(Dataset entries)

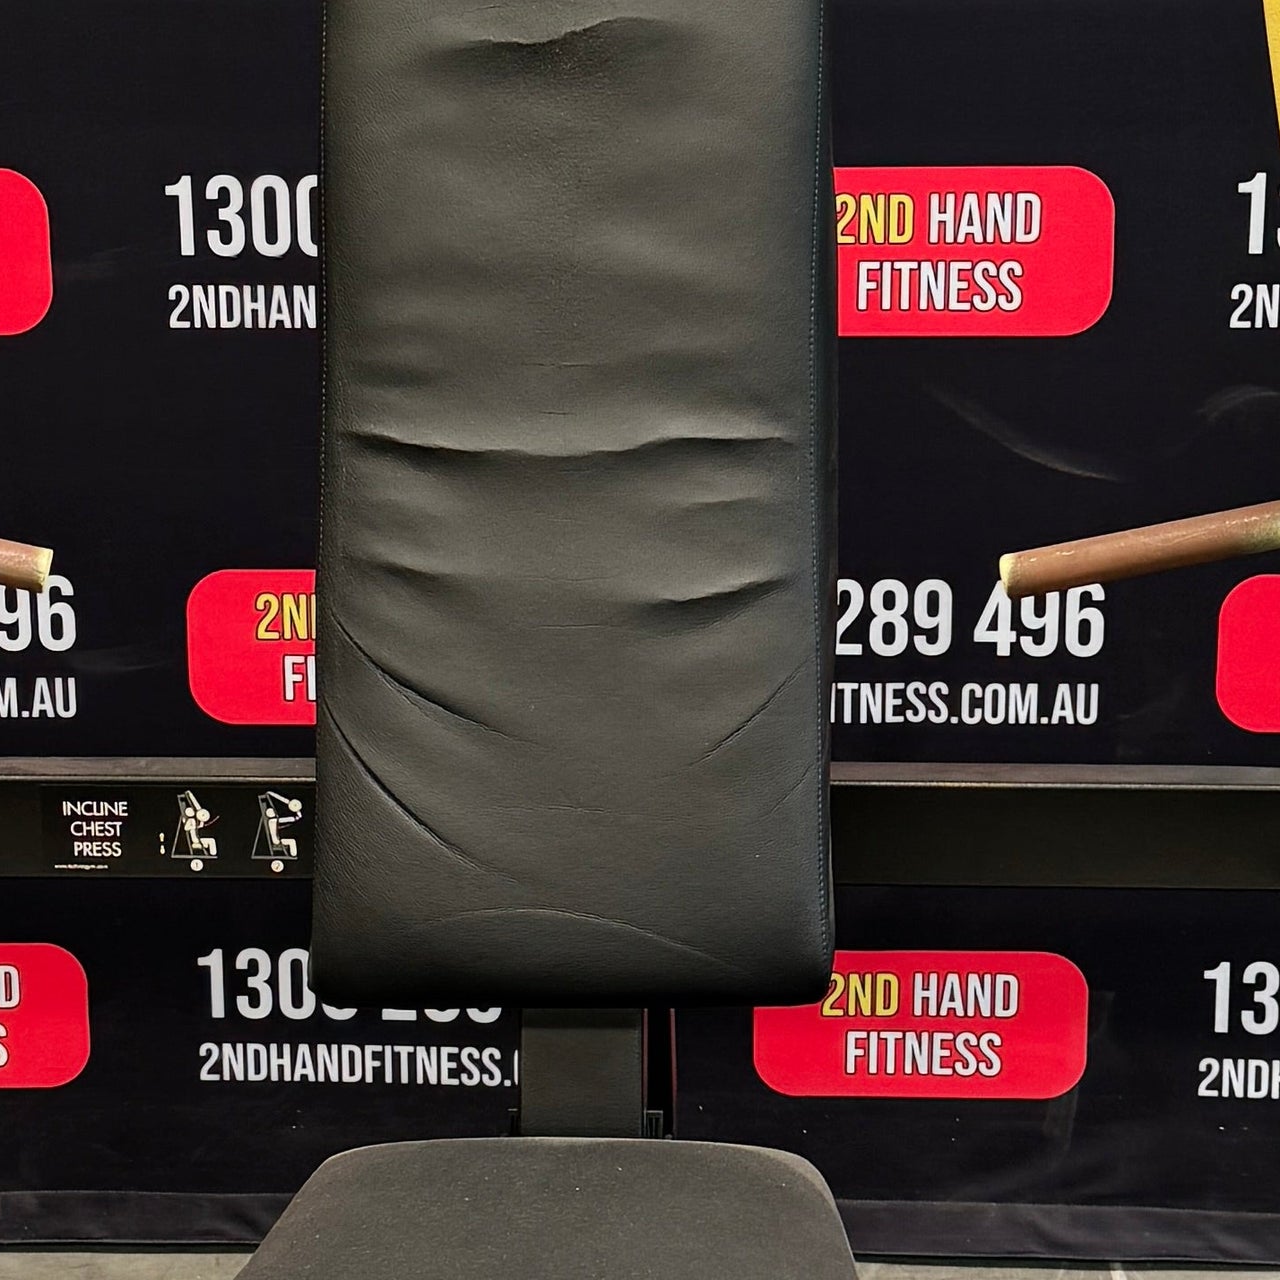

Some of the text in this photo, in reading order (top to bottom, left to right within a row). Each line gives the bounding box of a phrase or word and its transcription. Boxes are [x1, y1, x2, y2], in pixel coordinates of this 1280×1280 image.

[836, 193, 1040, 243] 2ND HAND
[858, 261, 1022, 310] FITNESS
[257, 594, 316, 639] 2N
[836, 579, 1106, 658] 289 496
[62, 801, 128, 817] INCLINE
[71, 821, 122, 836] CHEST
[74, 842, 121, 857] PRESS
[198, 948, 357, 1020] 130
[823, 973, 1018, 1017] 2ND HAND
[200, 1043, 518, 1086] 2NDHANDFITNESS.
[847, 1032, 1001, 1076] FITNESS
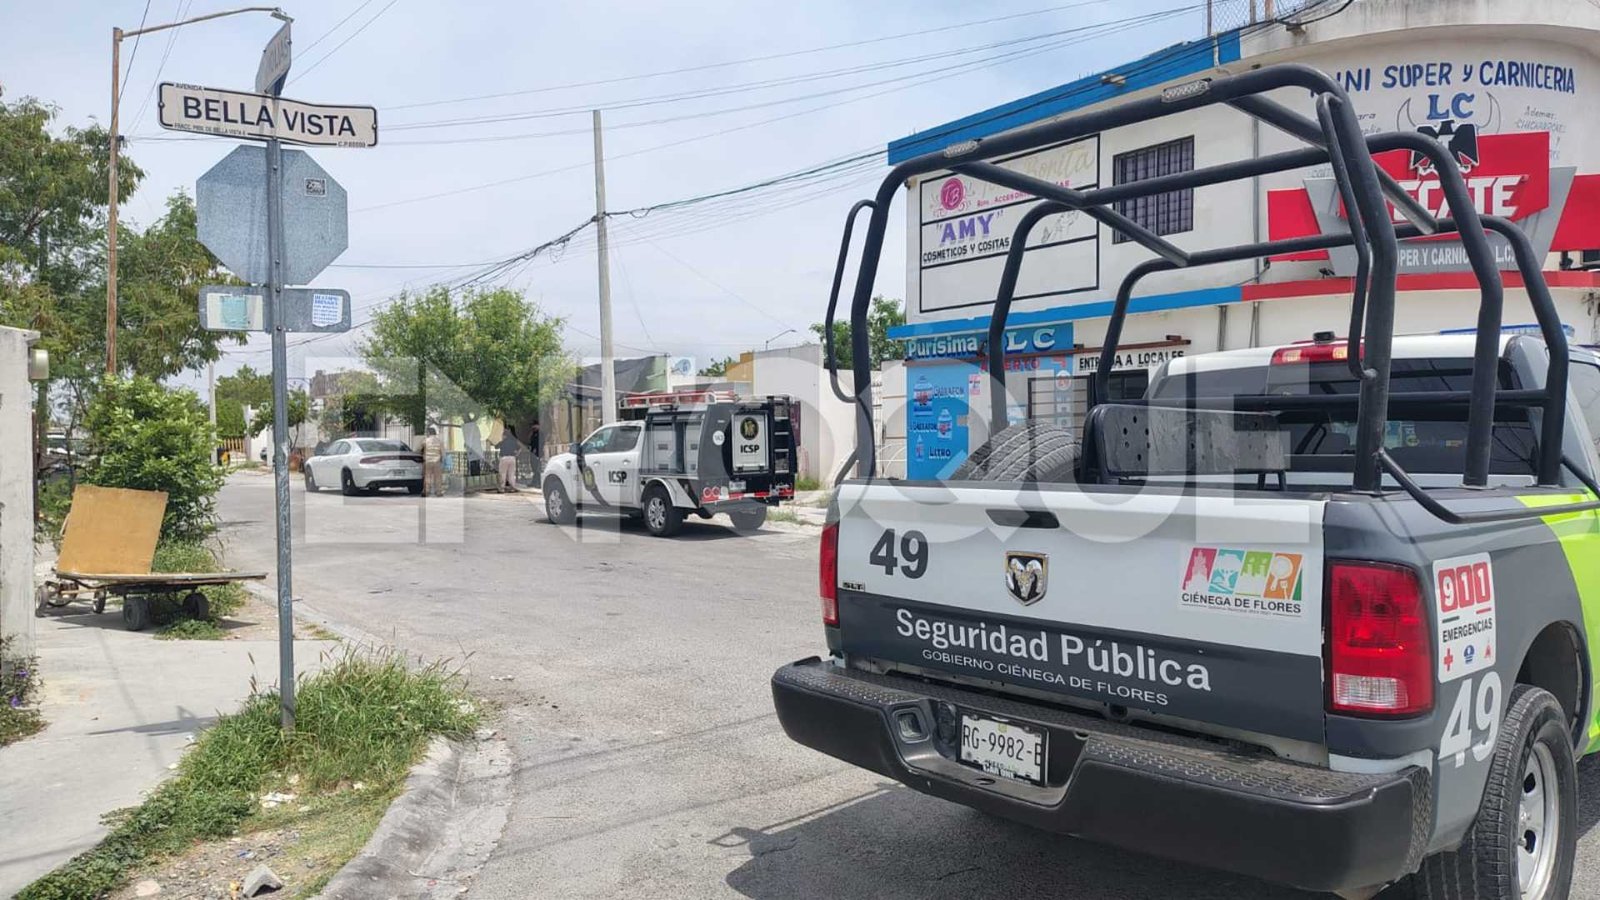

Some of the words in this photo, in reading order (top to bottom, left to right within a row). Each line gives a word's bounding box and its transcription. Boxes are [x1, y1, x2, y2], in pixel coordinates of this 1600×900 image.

[1382, 62, 1452, 88] SUPER
[1480, 61, 1575, 94] CARNICERIA
[183, 96, 274, 128] BELLA
[283, 108, 356, 137] VISTA
[1427, 93, 1475, 120] LC
[1393, 175, 1521, 221] ECTE
[923, 245, 968, 263] COSMETICOS
[970, 243, 976, 254] Y
[978, 237, 1010, 252] COSITAS
[1397, 249, 1419, 267] PER
[1422, 248, 1429, 265] Y
[1431, 246, 1470, 265] CARNIC
[981, 357, 1041, 371] AERTO
[1079, 354, 1122, 369] ENTRA
[1125, 353, 1133, 366] A
[740, 444, 760, 453] ICSP
[608, 470, 628, 484] ICSP
[869, 528, 929, 579] 49
[1441, 566, 1487, 608] 911
[1181, 592, 1231, 607] CIÉNEGA
[1234, 597, 1250, 608] DE
[1254, 600, 1301, 614] FLORES
[1442, 617, 1493, 643] EMERGENCIAS
[896, 608, 1049, 662] Seguridad
[1061, 633, 1211, 692] Pública
[922, 648, 993, 671] GOBIERNO
[997, 662, 1065, 687] CIÉNEGA
[1069, 675, 1091, 690] DE
[1097, 681, 1169, 706] FLORES
[1438, 671, 1502, 768] 49

§ **WHAT THE TASK REQUIRES**
Go through the data and return every word of it verbatim, leaving out the pictures.

§ **RESPONSE FOR THIS EXERCISE**
Some of the text in this photo, in reading order (top to bottom, left to right within a row). Each line gives the bounding box of a phrase or word and its transcription. Boxes are [x1, y1, x2, y2], in pixel coordinates of this 1280×1280 image.

[836, 193, 1040, 243] 2ND HAND
[858, 261, 1022, 310] FITNESS
[257, 594, 316, 639] 2N
[836, 579, 1106, 658] 289 496
[62, 801, 128, 817] INCLINE
[71, 821, 122, 836] CHEST
[74, 842, 121, 857] PRESS
[198, 948, 357, 1020] 130
[823, 973, 1018, 1017] 2ND HAND
[200, 1043, 518, 1086] 2NDHANDFITNESS.
[847, 1032, 1001, 1076] FITNESS

Some of the words in this photo, in reading order (top to bottom, left to right within a row). Each line gives a word's bounding box and its transcription. Boxes are [x1, y1, x2, y2], in pixel coordinates of this 1600×900 image.

[1382, 62, 1452, 88] SUPER
[1480, 61, 1575, 94] CARNICERIA
[183, 96, 274, 128] BELLA
[283, 108, 356, 137] VISTA
[1427, 93, 1475, 120] LC
[1393, 175, 1521, 221] ECTE
[923, 245, 968, 263] COSMETICOS
[970, 243, 976, 254] Y
[978, 237, 1010, 252] COSITAS
[1397, 249, 1419, 267] PER
[1422, 248, 1429, 265] Y
[1431, 246, 1470, 265] CARNIC
[981, 357, 1041, 371] AERTO
[1079, 354, 1122, 369] ENTRA
[1125, 353, 1133, 366] A
[740, 444, 760, 453] ICSP
[608, 470, 628, 484] ICSP
[869, 528, 929, 579] 49
[1441, 566, 1487, 608] 911
[1181, 592, 1231, 607] CIÉNEGA
[1234, 597, 1250, 608] DE
[1254, 600, 1301, 614] FLORES
[1442, 617, 1493, 643] EMERGENCIAS
[896, 608, 1049, 662] Seguridad
[1061, 633, 1211, 692] Pública
[922, 648, 993, 671] GOBIERNO
[997, 662, 1065, 687] CIÉNEGA
[1069, 675, 1091, 690] DE
[1097, 681, 1169, 706] FLORES
[1438, 671, 1502, 768] 49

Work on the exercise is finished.